#42747 [BC-High] Large BTC transactions with many sbtc deposits can permanently crash/halt all signers
Submitted on Mar 25th 2025 at 16:51:24 UTC by @Blobism for Attackathon | Stacks II
Report ID: #42747
Report Type: Blockchain/DLT
Report severity: High
Target: https://github.com/stacks-network/sbtc/tree/immunefi_attackaton_1.0
Impacts:
Permanent freezing of funds (fix requires hardfork)
Network not being able to confirm new transactions (total network shutdown)
Description
Brief/Intro
An attacker can submit a series of large BTC transactions, each with 1,000+ sbtc deposits, in order to crash/halt all signers. This is due to how signers process and store sbtc deposit requests. Signers will continue to crash on restart without additional effort from the attacker, given that all these pending sbtc deposit requests will remain in the Emily API database.
Vulnerability Details
The sbtc deposit system allows you to submit many sbtc deposits with a single BTC transaction. This is accomplished by putting multiple transaction outputs in a BTC transaction, where each output is a valid sbtc deposit UTxO. An attacker can use this to create a BTC transaction with > 1,000 sbtc deposits. The attacker can create mupltiple of these BTC transactions to increase the impact of the attack, though even one is enough to consume many GB of memory in a signer. Each sbtc deposit can be set just at the BTC dust limit to minimize the cost to the attacker.

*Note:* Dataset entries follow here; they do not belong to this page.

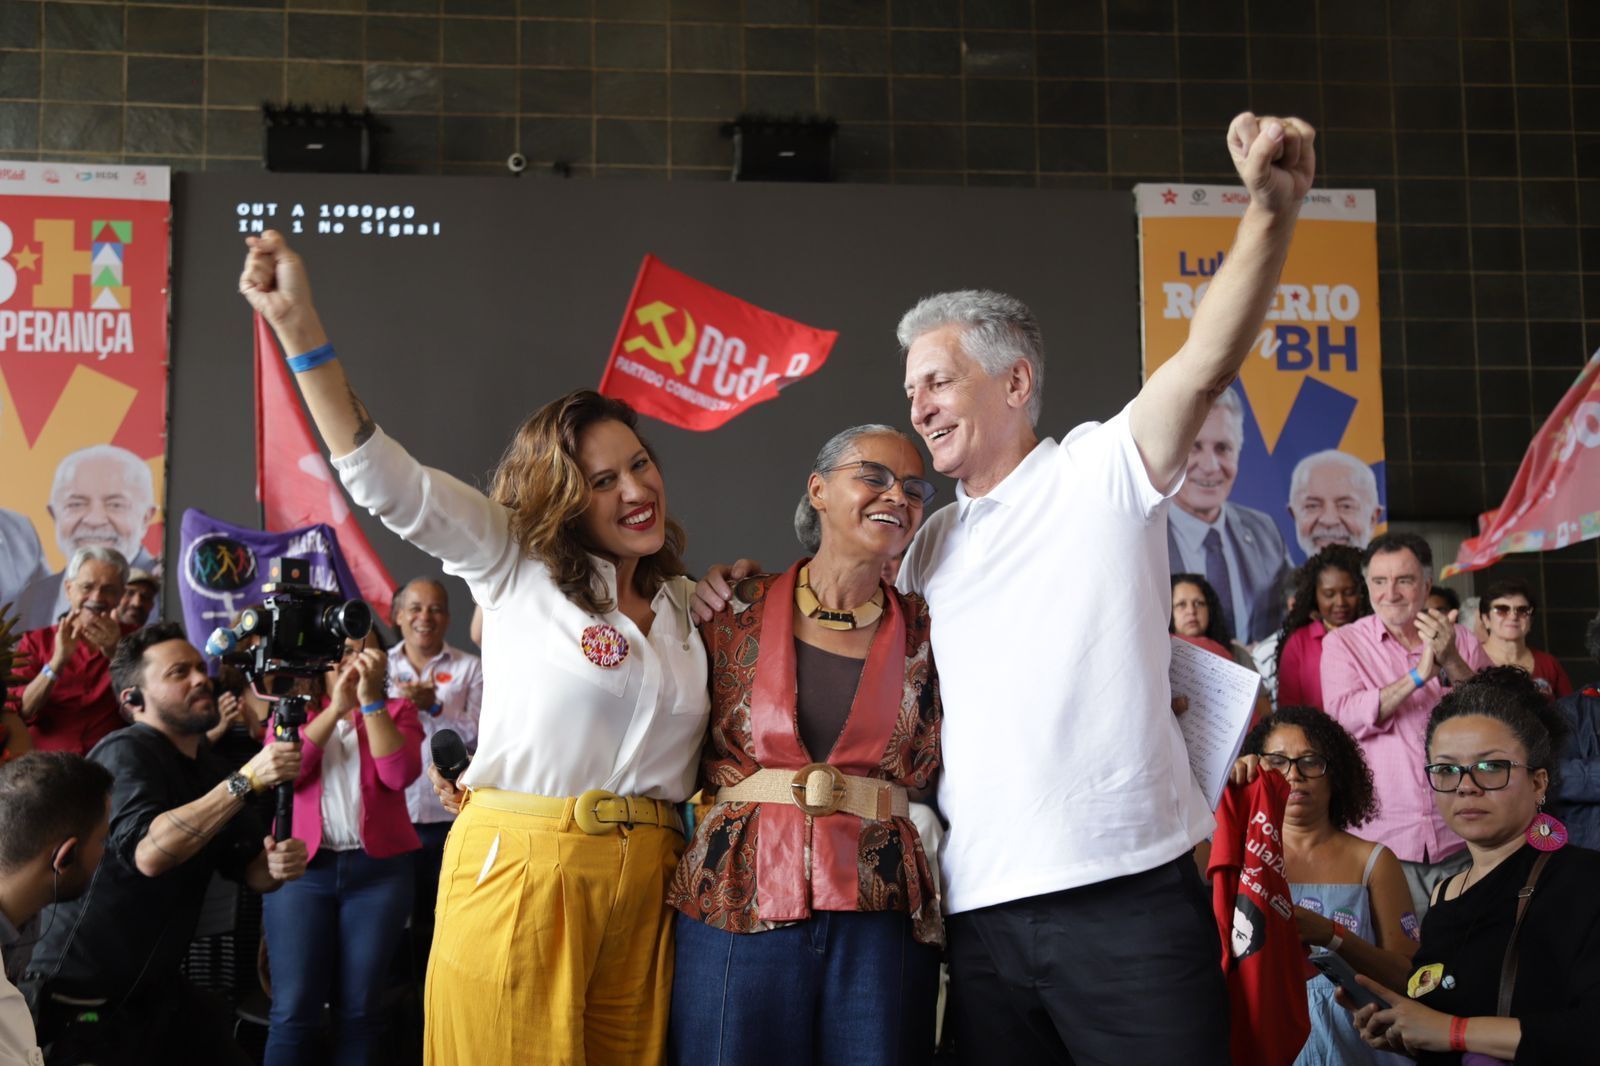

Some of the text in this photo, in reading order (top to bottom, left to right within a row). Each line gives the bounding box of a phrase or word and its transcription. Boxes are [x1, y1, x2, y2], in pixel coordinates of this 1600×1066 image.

[236, 203, 416, 221] OUT A 1080p60
[238, 219, 441, 238] IN 1 No Signal
[1179, 251, 1224, 277] Lul
[1275, 324, 1358, 373] BH
[614, 355, 665, 388] PARTIDO
[1251, 811, 1282, 847] Pos
[1333, 915, 1359, 929] ZERO

After the attacker submits all of these large BTC transactions, they submit all the sbtc deposit requests to the Emily API.

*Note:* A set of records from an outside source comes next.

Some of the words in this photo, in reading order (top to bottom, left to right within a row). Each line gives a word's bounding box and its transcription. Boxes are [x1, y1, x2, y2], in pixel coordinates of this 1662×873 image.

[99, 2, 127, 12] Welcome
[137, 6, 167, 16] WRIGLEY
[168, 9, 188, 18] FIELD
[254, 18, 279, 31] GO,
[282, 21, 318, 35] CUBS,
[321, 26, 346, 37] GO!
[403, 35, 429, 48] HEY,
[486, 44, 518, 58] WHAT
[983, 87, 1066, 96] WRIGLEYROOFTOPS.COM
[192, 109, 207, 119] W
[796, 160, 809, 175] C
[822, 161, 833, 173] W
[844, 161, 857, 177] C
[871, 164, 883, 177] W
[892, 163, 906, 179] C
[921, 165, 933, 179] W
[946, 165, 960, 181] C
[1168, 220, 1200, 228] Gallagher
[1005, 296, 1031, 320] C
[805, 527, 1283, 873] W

Once these deposit requests are present in the Emily API, the signers will eventually call the following function in signer/src/block_observer.rs
:
async fn load_latest_deposit_requests(&self) -> Result<(), Error> {
let requests = self.context.get_emily_client().get_deposits().await?;
self.load_requests(&requests).await
}
The first issue is that the get_deposits
function in signer/src/emily_client.rs
attempts to fetch all of the pending deposits. The function stops fetching pages only after a timeout, at which point it returns the pending deposits it managed to fetch so far. This fetches plenty of pending deposits to make the attack possible.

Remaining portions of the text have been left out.